A finite element elasticity complex on tetrahedral meshes is devised. The $H^1$ conforming finite element is the smooth finite element developed by Neilan for the velocity field in a discrete Stokes complex. The symmetric div-conforming finite element is the Hu-Zhang element for stress tensors. The construction of an $H(\textrm{inc})$-conforming finite element for symmetric tensors is the main focus of this paper. The key tools of the construction are the decomposition of polynomial tensor spaces and the characterization of the trace of the $\textrm{inc}$ operator. The polynomial elasticity complex and Koszul elasticity complex are created to derive the decomposition of polynomial tensor spaces. The trace of the $\textrm{inc}$ operator is induced from a Green's identity. Trace complexes and bubble complexes are also derived to facilitate the construction. Our construction appears to be the first $H(\textrm{inc})$-conforming finite elements on tetrahedral meshes without further splits.

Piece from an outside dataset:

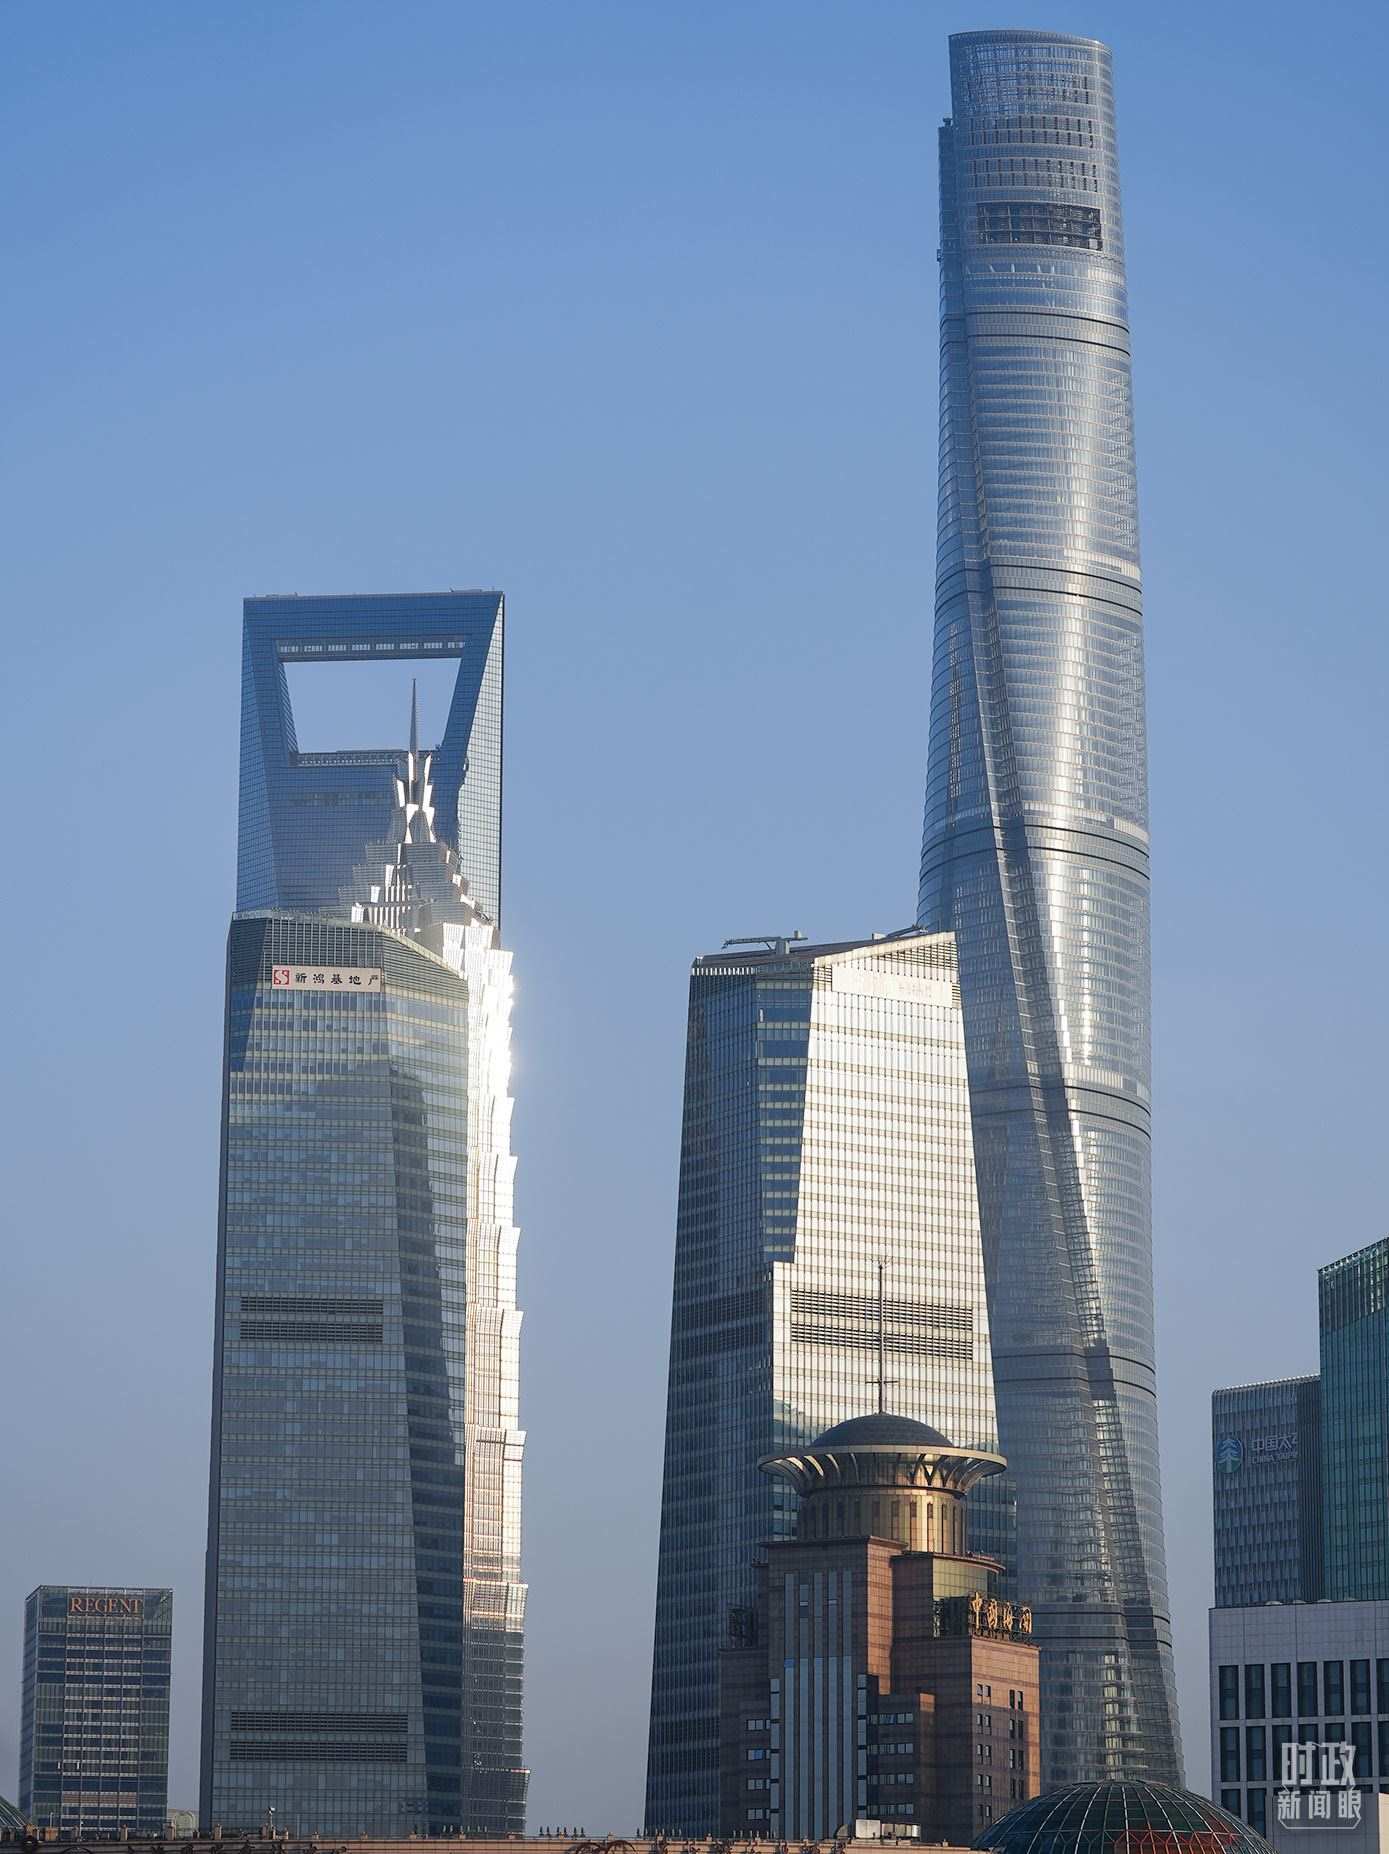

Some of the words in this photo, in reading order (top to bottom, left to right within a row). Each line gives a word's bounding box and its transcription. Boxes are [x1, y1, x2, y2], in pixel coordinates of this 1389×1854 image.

[295, 972, 379, 986] 新鸿基地产
[70, 1597, 144, 1613] REGENT

翻译：设计了四面环形外壳的有限元素弹性综合体。 $H $1 符合的有限元素是Nelan在离散的斯托克斯复合体中为速度场开发的平滑的有限元素。 对称的 div- 相容性元素是用于应力加压器的Hu- Zhang 元素。 建造一个 $H (\ textrm{inc}) 的对称的对称质元素是本文的主要焦点。 构造中的关键工具是多元感应空间的分解和对 $\ textrm{ inc} 操作器的追踪的定性。 多元感弹性复合和 Koszul 弹性复合元素的创建是为了得出多元性抗震力空间的分解。 $( textrm{ inc} 操作器的痕迹来自绿色的特性。 跟踪复合体和泡泡复合体也用来促进构造。 我们的构造似乎是第一个没有进一步裂变制的基质成的 $H( textrmrm) 。